Inter-learner variability -> “Some children learn their L1 with great rapidity while
others do so much more slowly. […] It is for this reason that it is not possible to
describe the sequence of development in terms of age”.
“[…] although many children use an analytical strategy and show evidence of the
developmental progression described above, other children use a gestalt strategy,
typically remaining silent for a longer period before producing full sentences when
they start talking. All children make use of unanalyzed units (formulas) but some
seem to rely on them much more extensively than others. There is considerable
body of research into L1 acquisition that has sought to identify the factors
responsible for inter-learner variation (sex, intelligence, personality and learning
style, social background, and experience of linguistic interaction”.

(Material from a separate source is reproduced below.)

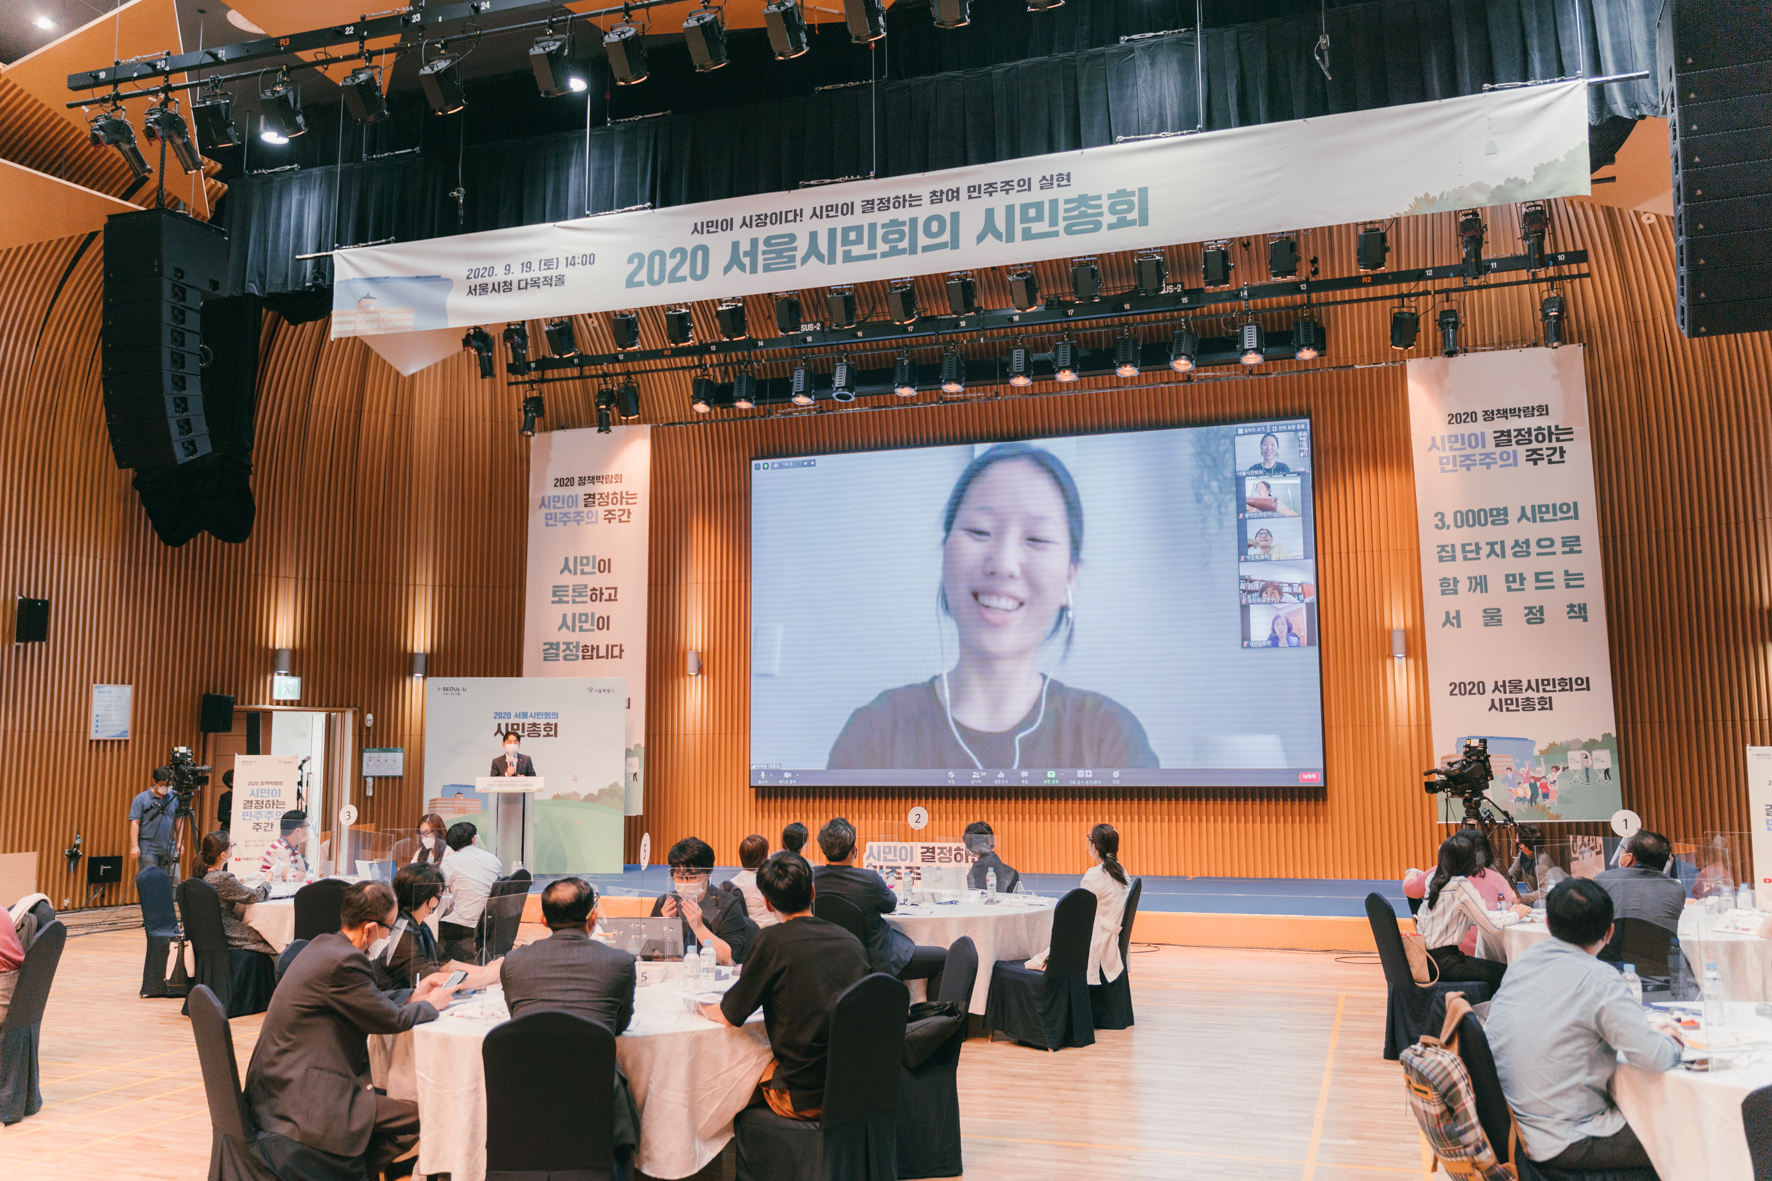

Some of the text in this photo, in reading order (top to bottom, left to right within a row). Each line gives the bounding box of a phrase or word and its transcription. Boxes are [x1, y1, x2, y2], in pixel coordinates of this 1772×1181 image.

“The key debate in the 1960s and 1970s revolved around the rival claims of
behaviorist and mentalist models of acquisition. According to the former, children
acquired their L1 by trying to imitate utterances produced by their parents and by
receiving negative or positive reinforcement of their attempts to do so. Language
acquisition, therefore, was considered to be environmentally determined. Such a
model does not accord with the empirical facts, however. […] A mentalist model
(Chomsky, 1980) makes the following claims: Language is a human-specific and
independent faculty […] the language acquisition device is genetically endowed
and provides the child with a general set of principles about language […] Input
data are required to trigger the process of discovering the rules of the TL” (p. 81).